Last week, Rep. Don Beyer, D-Va., reintroduced the Airborne Act, legislation that would incentivize non-residential building owners to conduct indoor air quality assessments and upgrade their ventilation and air filtration systems.
“Amid concerns about past and future pandemics, it is imperative that we work to improve the IAQ of our nation’s workplaces,” Beyer said in a July 11 statement. “This bill would use the tax code to give building owners incentives to perform IAQ inspections and upgrades, which would make our workplaces safer from both the threat of [COVID-19] and future airborne disease outbreaks.”
Specifically, the Airborne Act would provide commercial building owners with a $1 per-square-foot-tax credit to conduct IAQ evaluations of their properties. The tax credit will not exceed the cost of conducting the assessments, according to the bill.
The legislation would also provide building owners tax credits for upgrading HVAC and air filter systems to meet the ASHRAE Standard 62.1-2022 and a minimum efficiency reporting value, or MERV, rating of 13 or better for their properties. Credits would equate to $5 per square foot of property affected for air filters and $50 per square foot for HVAC systems, limited to 50% of total project costs, the bill says.
In addition, the legislation would create a voluntary certification program through the U.S. Department of Energy and the U.S. Environmental Protection Agency, enabling property owners to certify that their properties follow the IAQ standards outlined in the bill. Under the Airborne Act, non-profits would also be eligible, with certain public properties able to transfer credits to private entities that carry out upgrades, according to a news release from Beyer’s office.

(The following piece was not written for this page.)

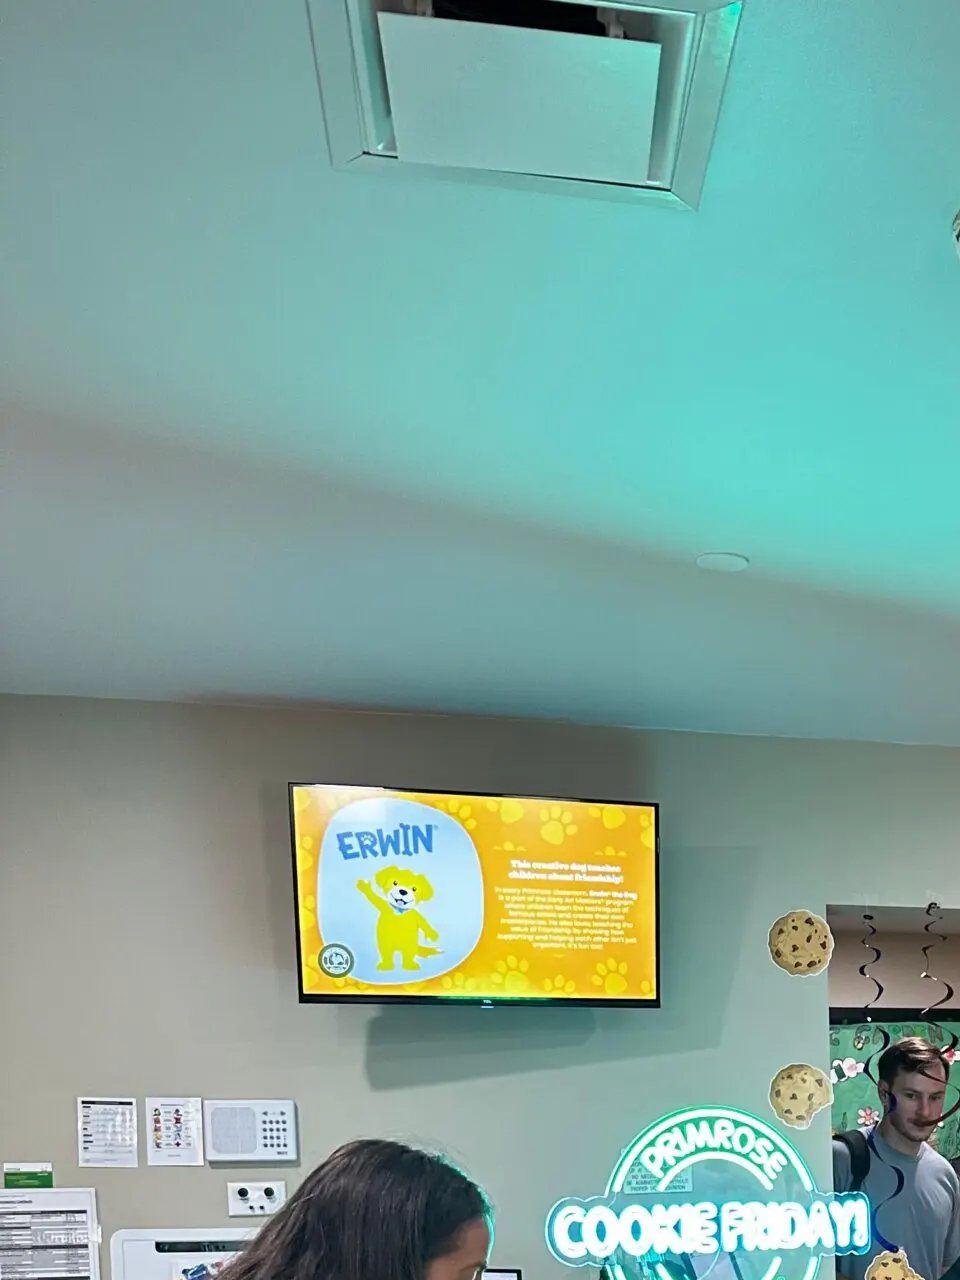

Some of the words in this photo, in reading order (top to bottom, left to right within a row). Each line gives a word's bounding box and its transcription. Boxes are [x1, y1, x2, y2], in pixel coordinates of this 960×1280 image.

The reintroduction drew praise from a number of industry organizations, including ASHRAE; the International Facility Management Association; The International Association of Sheet Metal, Air, Rail and Transportation Workers; Sheet Metal and AC Contractors National Association; and the Building Owners and Managers Association.
"The Airborne Act highlights the vital connection between buildings and occupant health and wellbeing,” ASHRAE President Dennis Knight said in a statement. “We appreciate the integration of ASHRAE’s technical insights and trust that this legislation will encourage building owners and managers to assess and invest in building systems upgrades, aimed at improving health outcomes and learning environments as well as increasing productivity.”
After publishing Standard 241 last June amid heightened pandemic-driven IAQ concerns — ASHRAE’s first airborne infection risk mitigation standard — the organization has continued to provide guidance and advocate for proper ventilation and clean building environments.
The society of engineers signed a memorandum of understanding with the American Industrial Hygiene Association, defining parameters in which the two organizations will work cooperatively on common public affairs goals and coordination of technical activities, according to a June 17 news release.
Under the memo, the groups agreed to jointly promote codes and mutually beneficial positions during the development and passage of legislation at the local, state and federal levels, per the release. Such legislation includes the Airborne Act, according to ASHRAE Executive Vice President Jeff Littleton. AIHA is also forming a task force as part of the initiative that will provide another place to collaborate, Littleton said.
“The time is ripe for a national IAQ standard. We regulate water, we regulate food, and as the pandemic demonstrated very well, the air that we breathe can have just as big of an impact on our health and human comfort as those other things,” Littleton said. “Maybe the time is right for some federal and national regulation that addresses [indoor air quality].”
In addition to ASHRAE Standards 241 and 62.1, which sets specifications for outdoor airflow rates and filtration, air cleaning technology and performance testing requirements of ventilation systems, the society provides other codes that cover indoor environmental quality, including ASHRAE Standard 55. Altogether, the organization’s collection of IAQ standards “is pretty extensive,” Littleton said. “We have a pretty good suite.”
He added that in addition to the AIHA, ASHRAE works with other organizations regularly, like the EPA’s Office of Radiation and Indoor Air, to address indoor air quality and ensure proper guidance for operators.